A mysterious daredevil who goes by the web moniker of complexplanel2 challenges me in email over my latest QM rants. It's an interesting discussion which forces me to summarize my agenda, which is the exposition of the following hypothesis:

1. Any infinitely subconstituent physical system (an ocean, a weather system, a galaxy) is a quantum system (discussed in The Distribution of the Solar System is Quantized).

2. Since the quantum states that are measured are artifacts of our perception or interest, they can't be used to rule out local realism (discussed in The existential irreality of quantum state).

3. Bell is a straw man since particles aren't golf balls, they're vortexes in the ambience of an infinitely subconstituent universe (discussed below).

4. Informed by QM and yet having accepted local realism you arrive very quickly at a unified field theorem (tbd)."And know that if you gaze into the abyss, the abyss gazes also into you," said Nietzsche. The very high-level, abstract statistical questions we ask with QM, e.g, spin, can only be determined in interaction with the observable. It's easy to see how observation can assist in latching state.

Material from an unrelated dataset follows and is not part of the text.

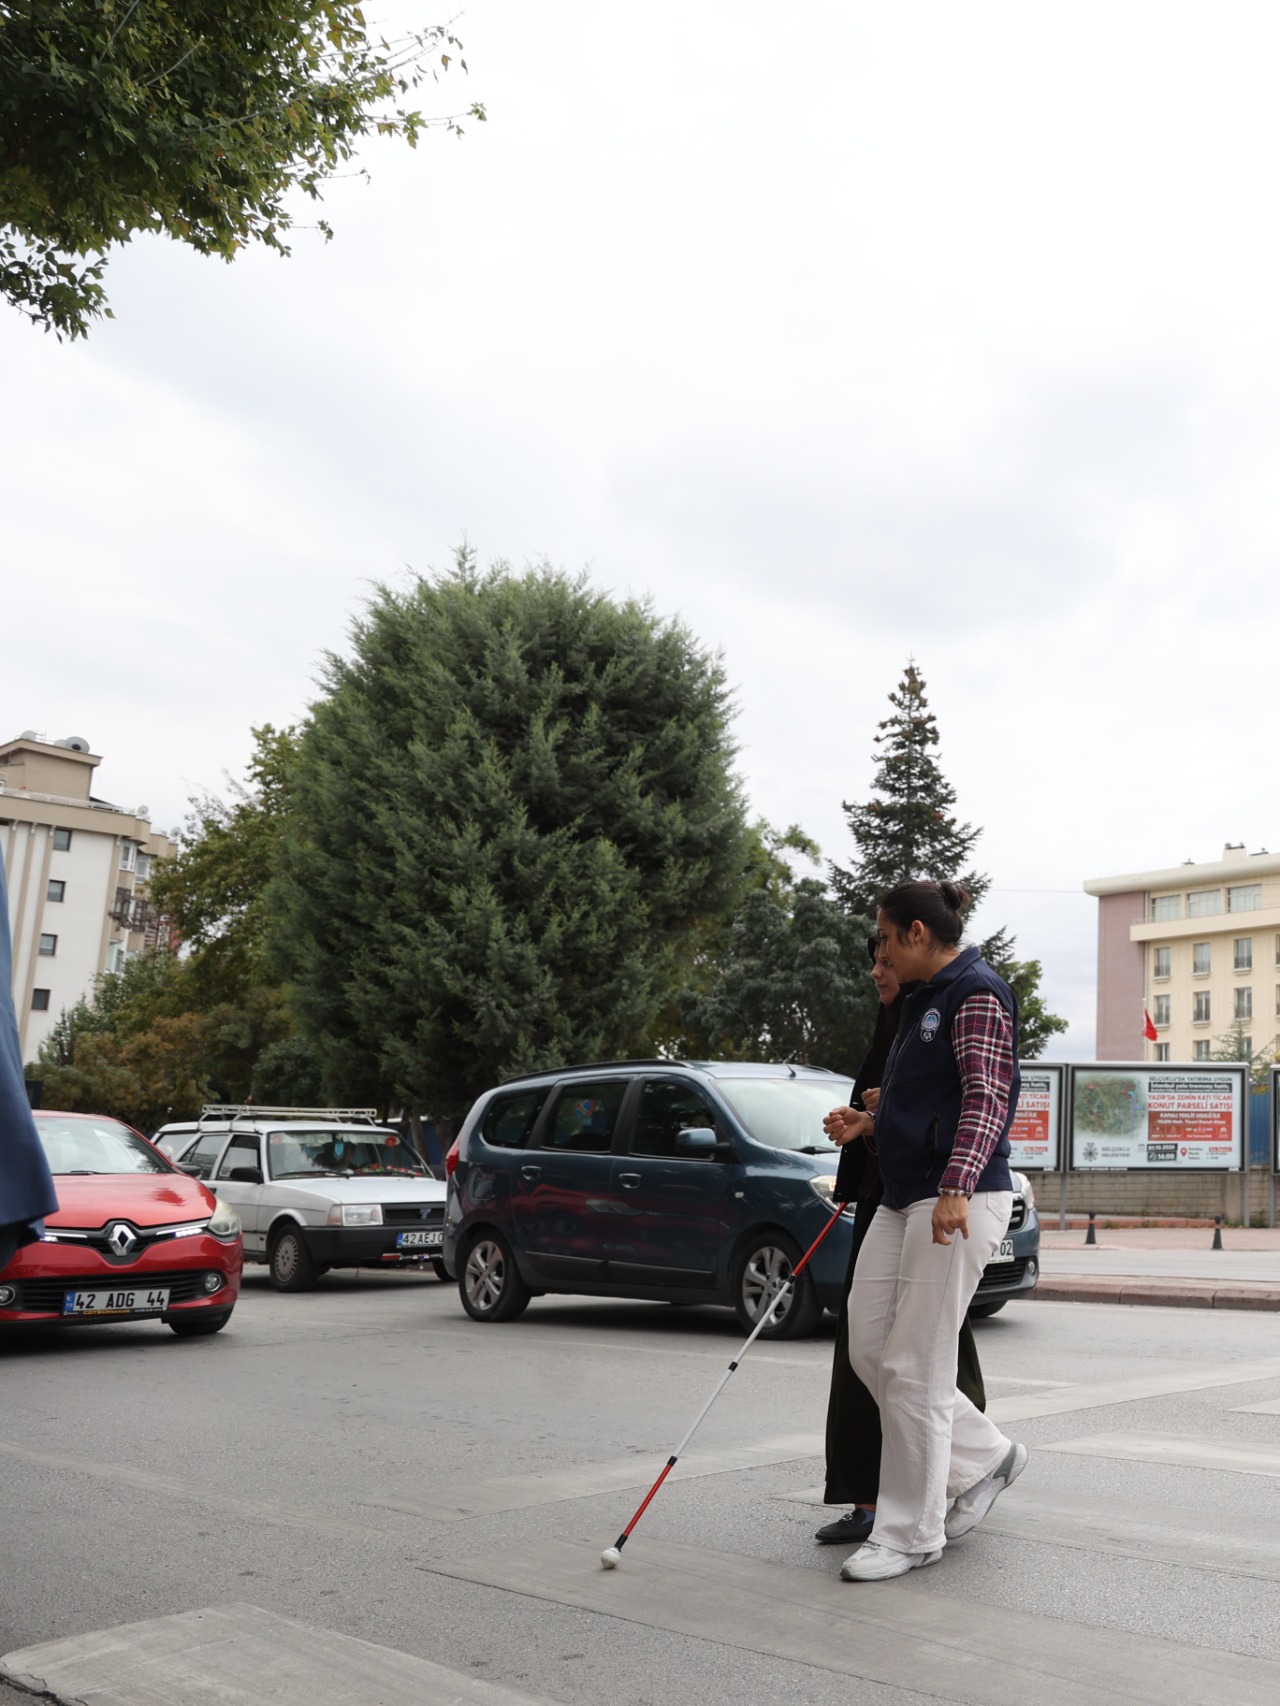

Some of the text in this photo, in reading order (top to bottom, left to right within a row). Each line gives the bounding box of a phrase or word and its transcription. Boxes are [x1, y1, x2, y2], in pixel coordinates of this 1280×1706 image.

Bell's Theorem says, effectively, that there exists no set of vectors of motion which could be imparted to a sphere which would result in the shading of the odds for complementary observation of spin by observers separated by 45 degrees from an expected 50/50 to an observed 71/29 for.

However, in a model of infinite subconsituency, there can be motion within the motion ad infinitum. Think whirling gaseous nebulae instead of golf balls. Such motion within motion can impart a measureable degree of spin isotropy with respect to observational techniques and yet remain locally realistic.